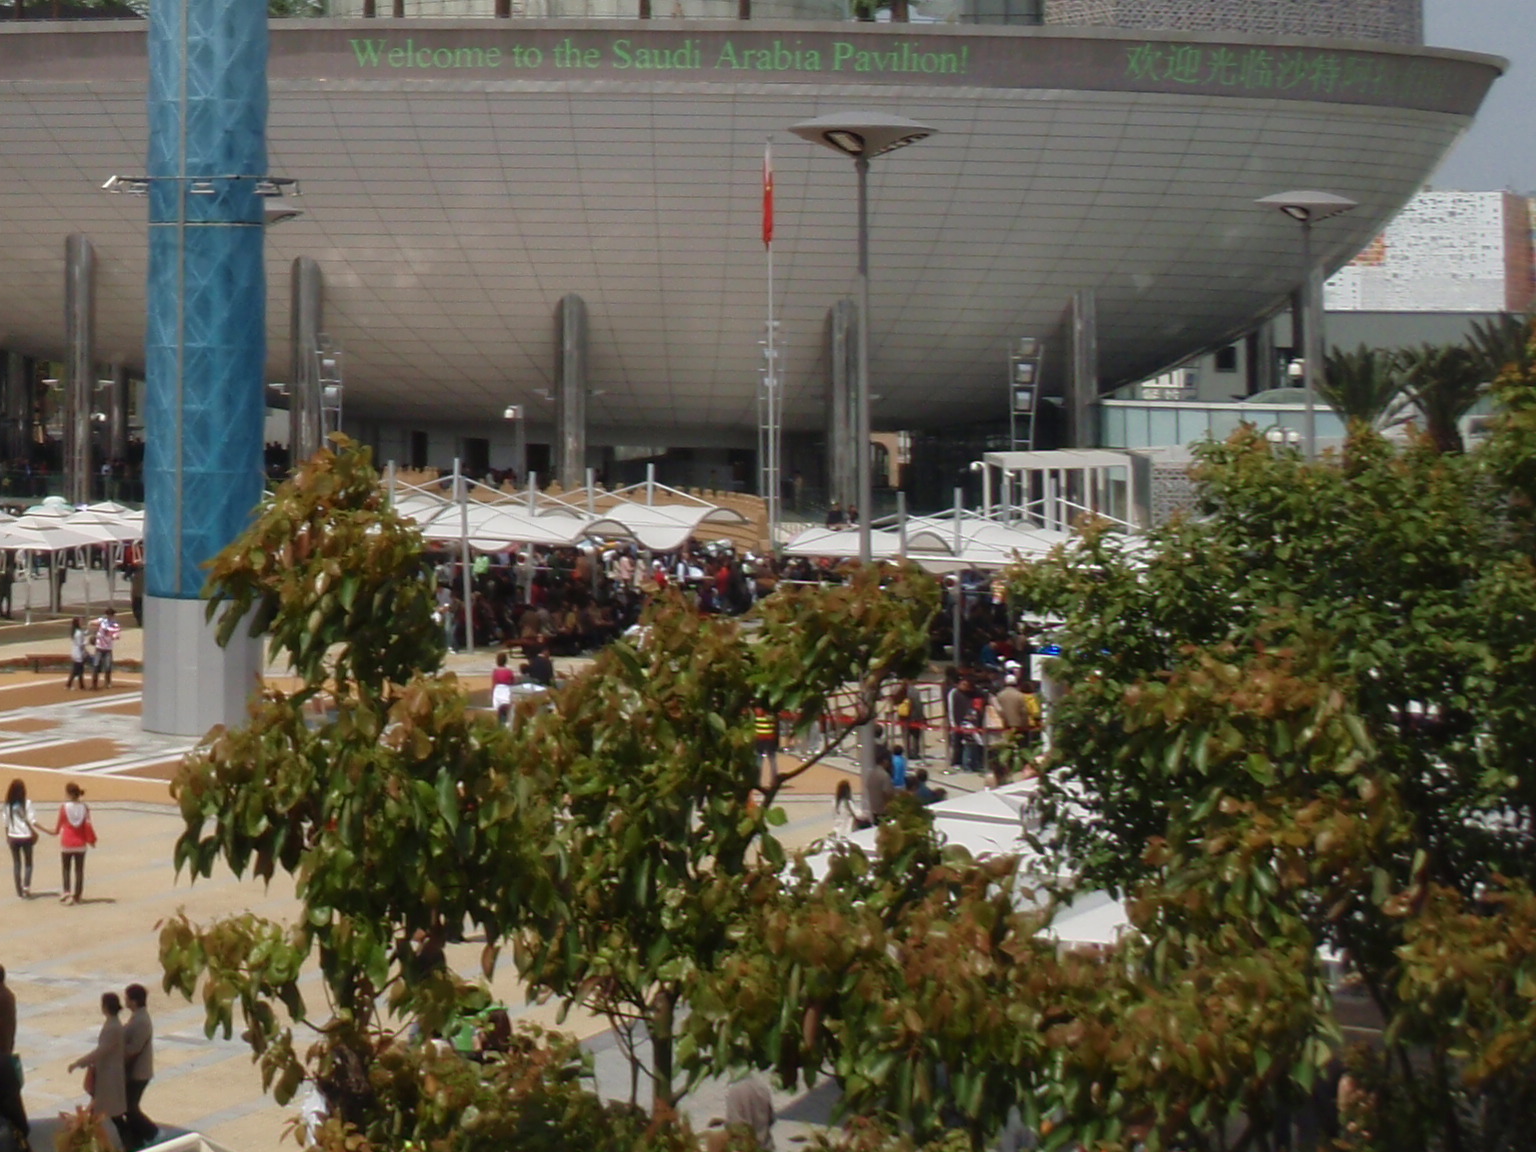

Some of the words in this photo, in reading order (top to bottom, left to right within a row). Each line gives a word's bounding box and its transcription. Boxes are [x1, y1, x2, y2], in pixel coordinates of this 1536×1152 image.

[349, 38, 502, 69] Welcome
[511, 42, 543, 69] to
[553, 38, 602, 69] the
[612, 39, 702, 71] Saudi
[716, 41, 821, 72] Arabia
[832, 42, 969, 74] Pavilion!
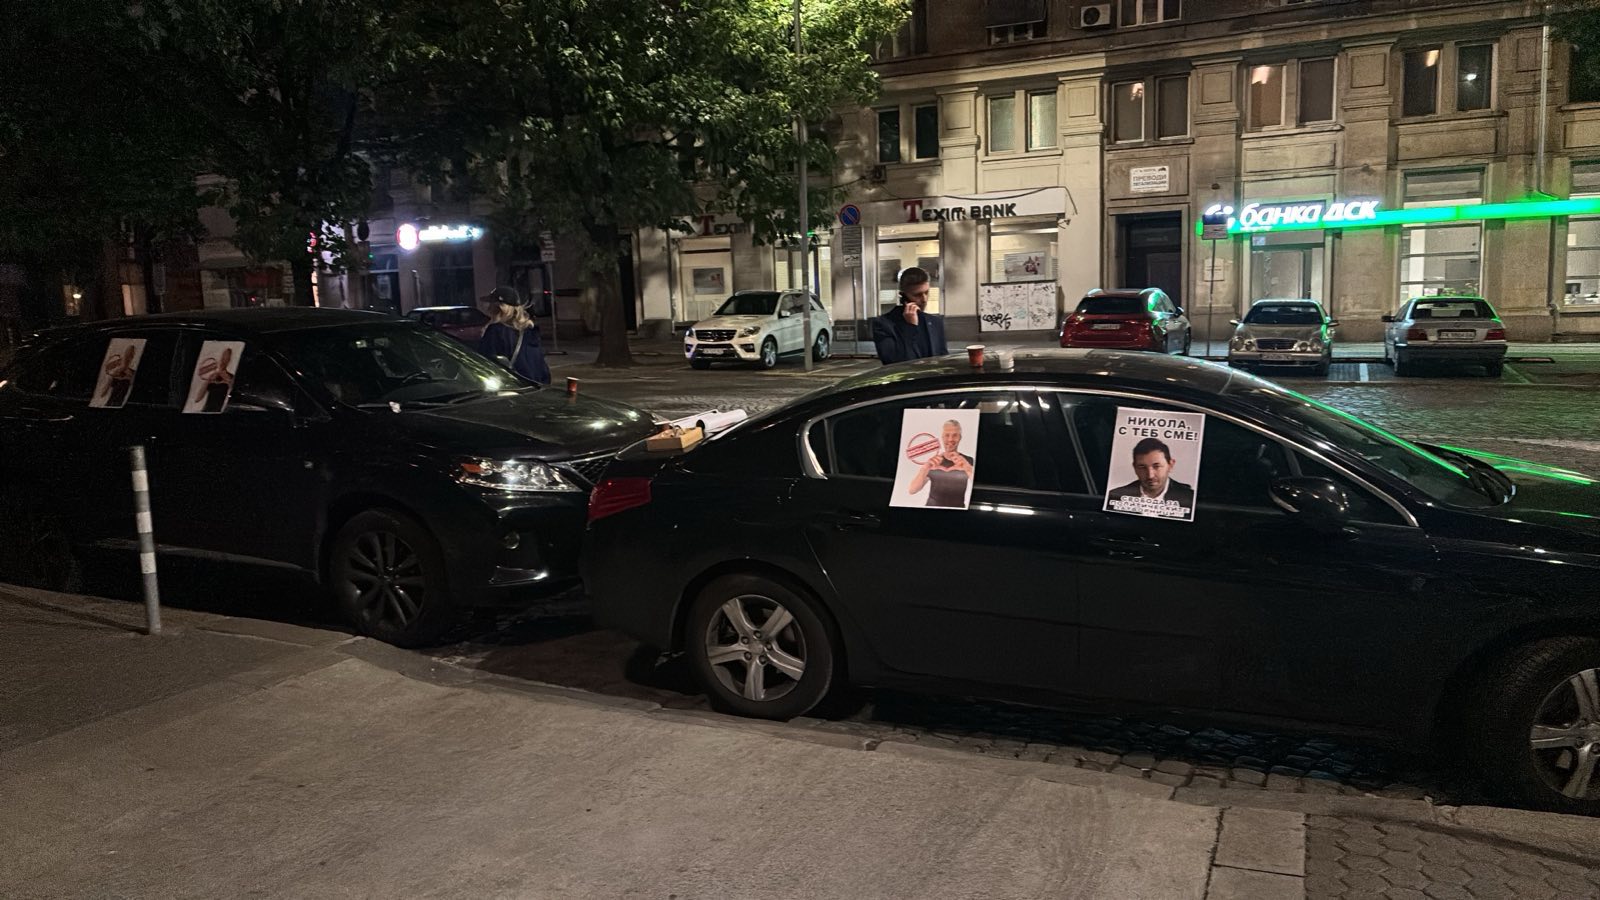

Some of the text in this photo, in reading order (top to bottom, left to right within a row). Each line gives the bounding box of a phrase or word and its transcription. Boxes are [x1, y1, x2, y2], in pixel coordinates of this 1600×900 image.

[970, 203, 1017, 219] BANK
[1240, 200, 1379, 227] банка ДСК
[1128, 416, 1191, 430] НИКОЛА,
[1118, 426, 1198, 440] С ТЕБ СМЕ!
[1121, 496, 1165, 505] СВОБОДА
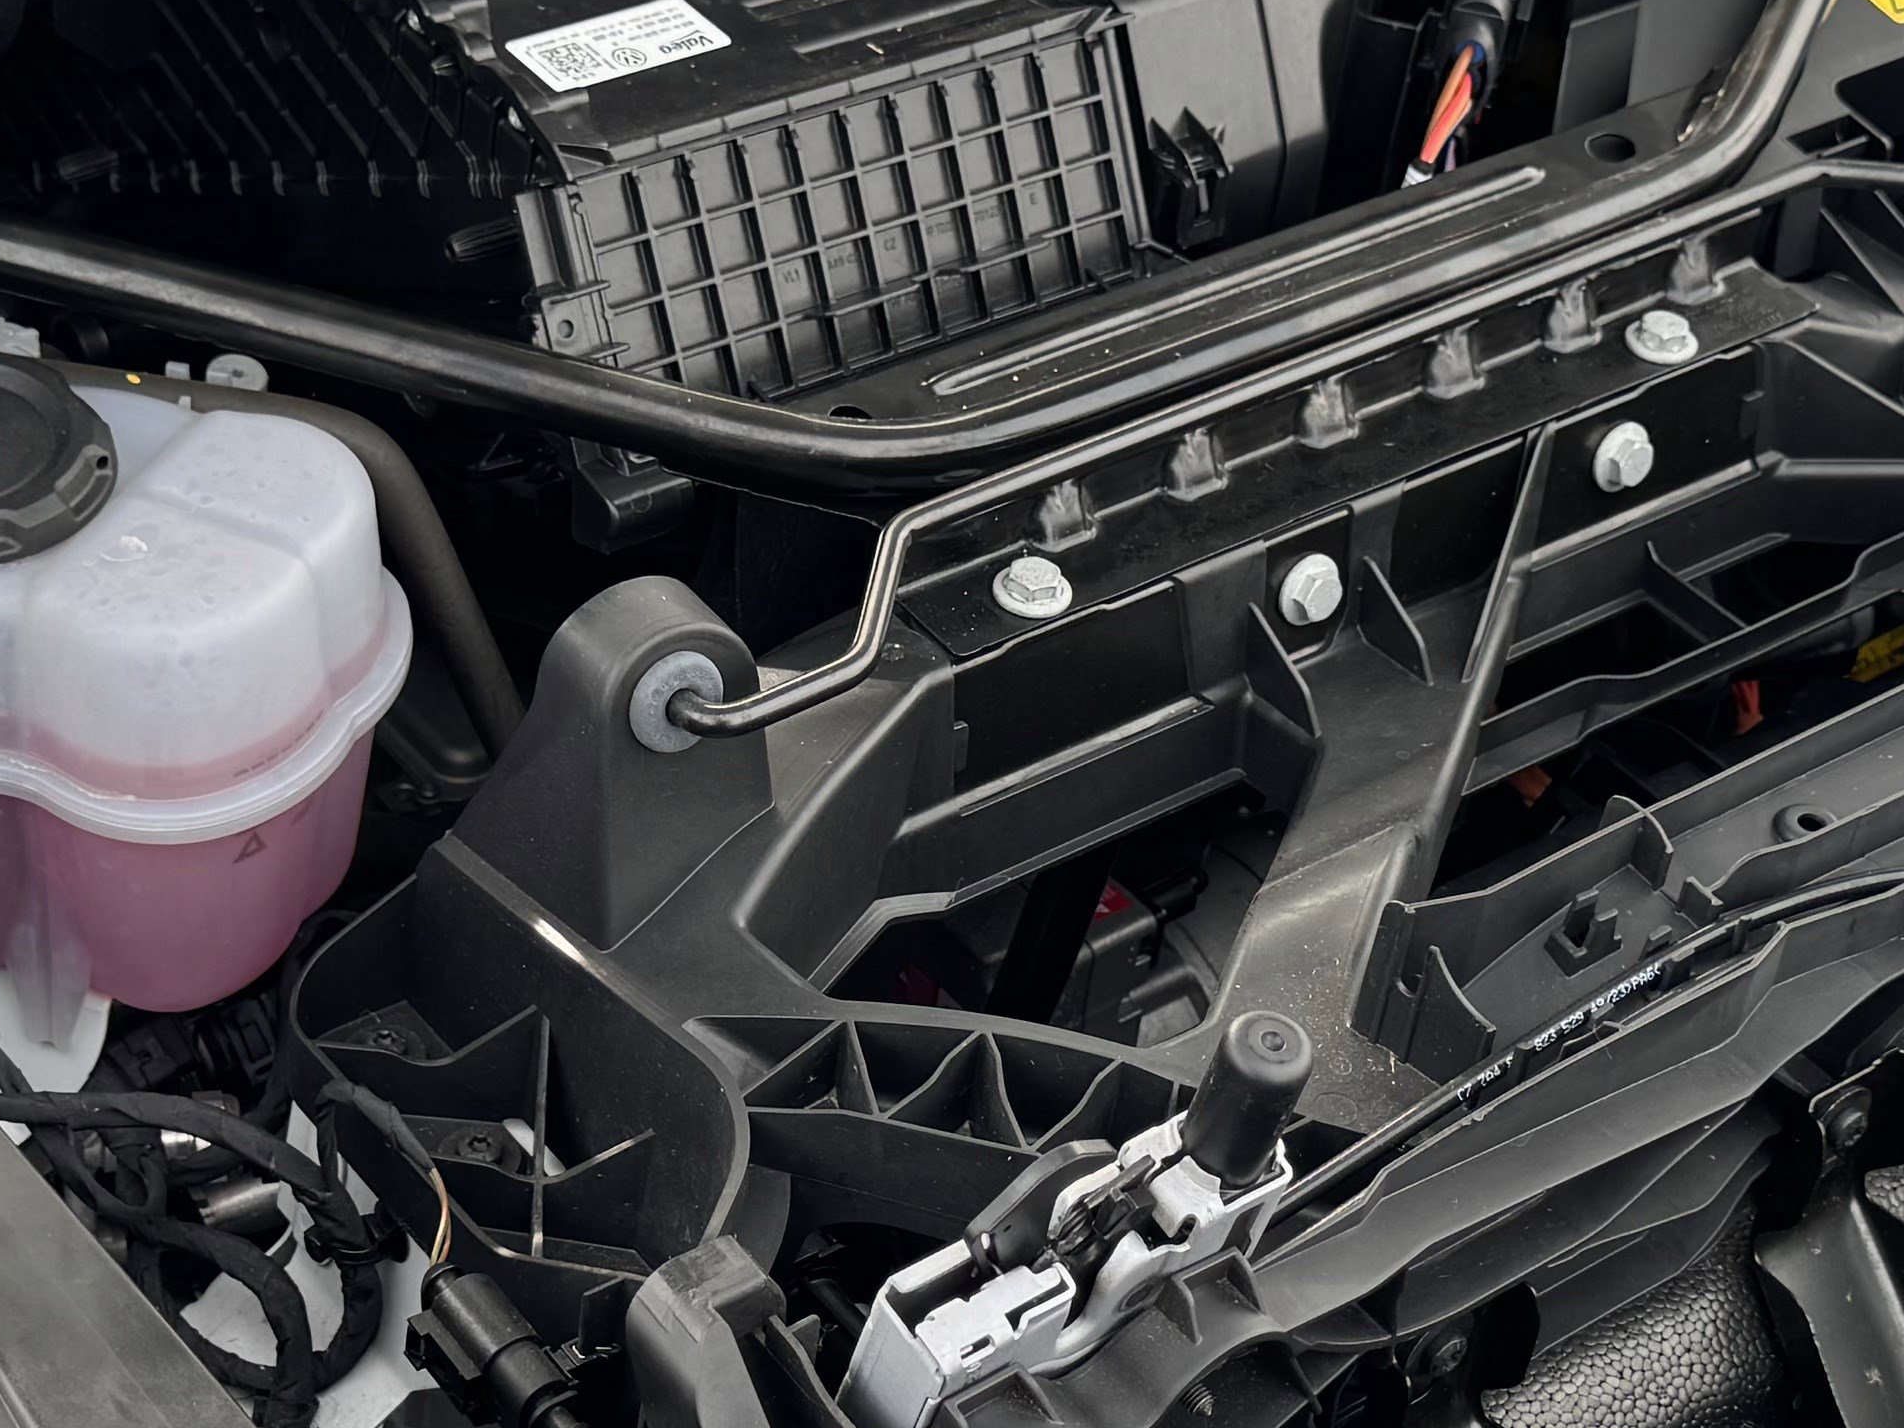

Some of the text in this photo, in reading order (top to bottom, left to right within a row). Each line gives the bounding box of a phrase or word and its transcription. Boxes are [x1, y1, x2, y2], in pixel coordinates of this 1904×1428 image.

------------

• To do
Retype the entire listing exactly as it appears, dropping only the pictures.

• Task result
Some of the words in this photo, in reading order (top to bottom, left to right within a row). Each line gives a word's bounding box and its transcription. Boxes are [x1, y1, x2, y2], in pixel coordinates of this 1536×1152 image.

[349, 38, 502, 69] Welcome
[511, 42, 543, 69] to
[553, 38, 602, 69] the
[612, 39, 702, 71] Saudi
[716, 41, 821, 72] Arabia
[832, 42, 969, 74] Pavilion!

Some of the text in this photo, in reading order (top to bottom, left to right within a row). Each line gives the bounding box of a phrase or word and its transcription. Boxes are [x1, y1, x2, y2], in pixel coordinates of this 1600×900 image.

[970, 203, 1017, 219] BANK
[1240, 200, 1379, 227] банка ДСК
[1128, 416, 1191, 430] НИКОЛА,
[1118, 426, 1198, 440] С ТЕБ СМЕ!
[1121, 496, 1165, 505] СВОБОДА

Some of the text in this photo, in reading order (top to bottom, left to right within a row). Each line gives the bounding box of a phrase or word and its transcription. Boxes are [x1, y1, x2, y2], in pixel coordinates of this 1904×1428 image.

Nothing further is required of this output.